Many people wonder 'what is FOREX' and how it works when it comes to financial markets. Although we are familiar with trading goods for money, the idea of trading money for money might be something difficult to understand. But when it comes to the world economy, selling and buying money is one of the largest businesses. Foreign Exchange (FX) market transactions involve buying a quantity of currency by paying through another currency.

What is forex

Traditionally, retail investors' only means of gaining access to the foreign exchange market was through banks that transacted large amounts of currencies for commercial and investment purposes. Trading volume has increased rapidly over time, especially after exchange rates were allowed to float freely in 1971. Today, importers and exporters, international portfolio managers, multinational corporations, speculators, day traders, long-term holders and hedge funds all use the FOREX market to pay for goods and services, transact in financial assets or to reduce the risk of currency movements by hedging their exposure in other markets.

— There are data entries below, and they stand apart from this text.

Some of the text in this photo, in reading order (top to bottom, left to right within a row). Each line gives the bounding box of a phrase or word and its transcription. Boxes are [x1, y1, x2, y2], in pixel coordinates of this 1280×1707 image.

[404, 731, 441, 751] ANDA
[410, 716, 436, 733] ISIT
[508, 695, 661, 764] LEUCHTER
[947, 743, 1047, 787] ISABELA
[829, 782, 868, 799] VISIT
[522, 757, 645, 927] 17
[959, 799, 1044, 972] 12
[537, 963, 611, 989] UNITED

There is no central marketplace for currency exchange; trade is conducted over the counter. The forex market is open 24 hours a day, five days a week and currencies are traded worldwide among the major financial centers of London, New York, Tokyo, Zürich, Frankfurt, Hong Kong, Singapore, Paris and Sydney.

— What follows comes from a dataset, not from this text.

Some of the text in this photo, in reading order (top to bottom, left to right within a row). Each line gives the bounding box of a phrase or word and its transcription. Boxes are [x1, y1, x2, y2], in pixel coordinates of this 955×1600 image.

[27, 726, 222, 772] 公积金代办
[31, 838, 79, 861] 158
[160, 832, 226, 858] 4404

In the foreign exchange market there is little or no 'inside information'. Exchange rate fluctuations are usually caused by actual monetary flows as well as anticipations on global macroeconomic conditions. Significant news is released publicly so, at least in theory, everyone in the world receives the same news at the same time.

Currencies are traded against one another. Each pair of currencies thus constitutes an individual product and is traditionally noted XXX/YYY, where YYY is the ISO 4217 international three-letter code of the currency into which the price of one unit of XXX currency is expressed. For instance, EUR/USD is the price of the euro expressed in US dollars, as in 1 euro = 1.2045 dollar.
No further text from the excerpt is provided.